Buy Morgan Stanley growth fund. Yes the same close ended mutual fund that people choose to hate. Let us look at the logic. MSGF a fund by Morgan stanley fund house is a good well rounded large cap fund. Whenever a fund house launches itself it starts with a large cap fund. So this close ended fund will be made open ended soon. Also no fund house in its right senses will give up a 5k crore fund. Raising 5k crore will cost at least Rs. 500 crore + the uncertainty. If you have taken such high cost people, you will not return the money and then seek to raise it again. So surely it will become open ended. Now the question is when. In case they do not announce it BEFORE FEB 2008, HNI buying will stop – they will not be interested in short term capital gains. What is your gain in this? Simple you are getting the market at a 10% discount (in the already bleeding) market. Simple! Buy morgan stanley mutual fund and wait for it to become open ended!

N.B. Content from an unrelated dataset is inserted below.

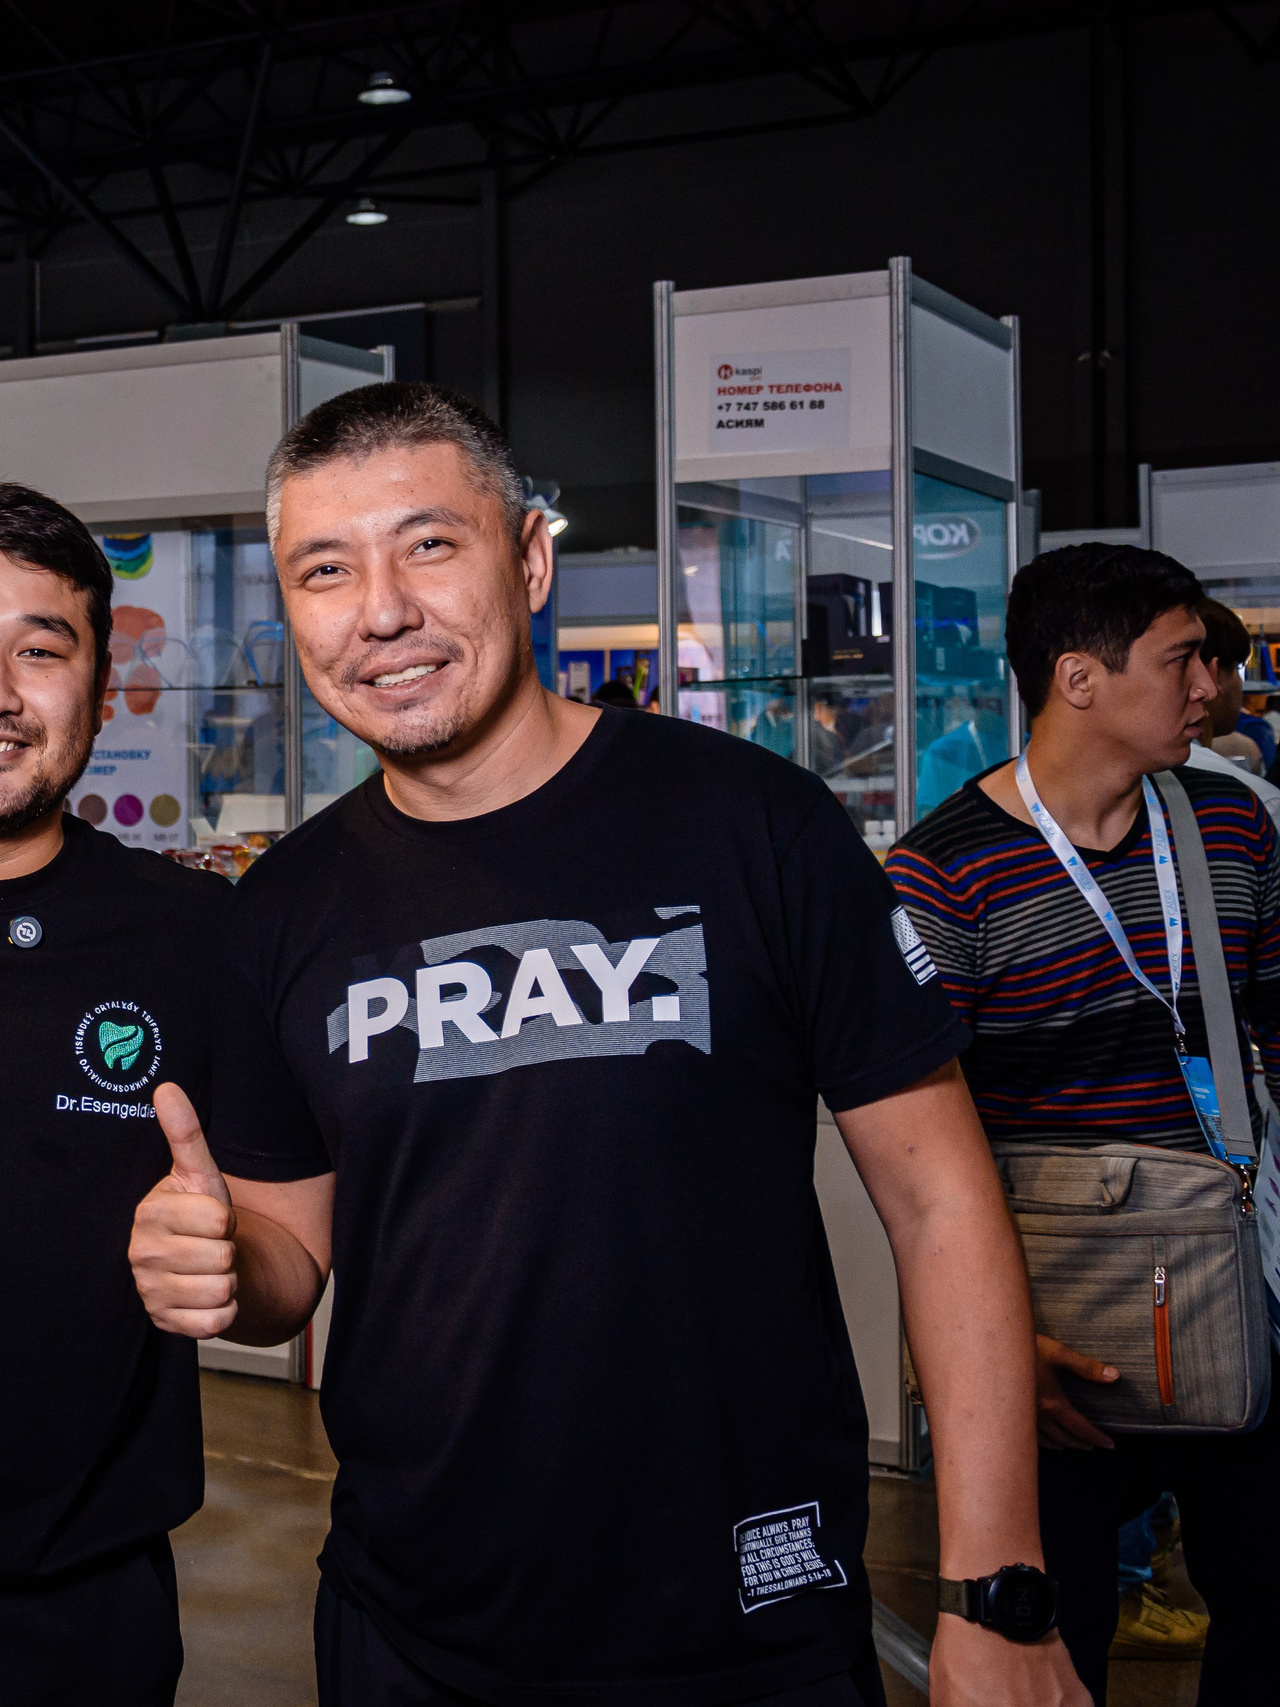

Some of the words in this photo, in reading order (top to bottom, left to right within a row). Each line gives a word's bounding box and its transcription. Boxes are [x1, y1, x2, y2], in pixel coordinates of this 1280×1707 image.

  1. Oops! the discount is over. The Nav and market price have caught up. No longer fun to buy the msgf. The only thing you can now save is the entry load of a open ended fund. So now you might as well buy the Benchmark ETF…be it bank or the general index

  2. Dear Subramanyam, Your blog gave me the “Best financial advice in 2008”. Bought Morgan Stanley yesterday. It’s up 10% today. If I add the 10-12% discount on NAV, it has already made me richer by 20%. Thanks. Will be checking Subramoney regularly now for such nuggets.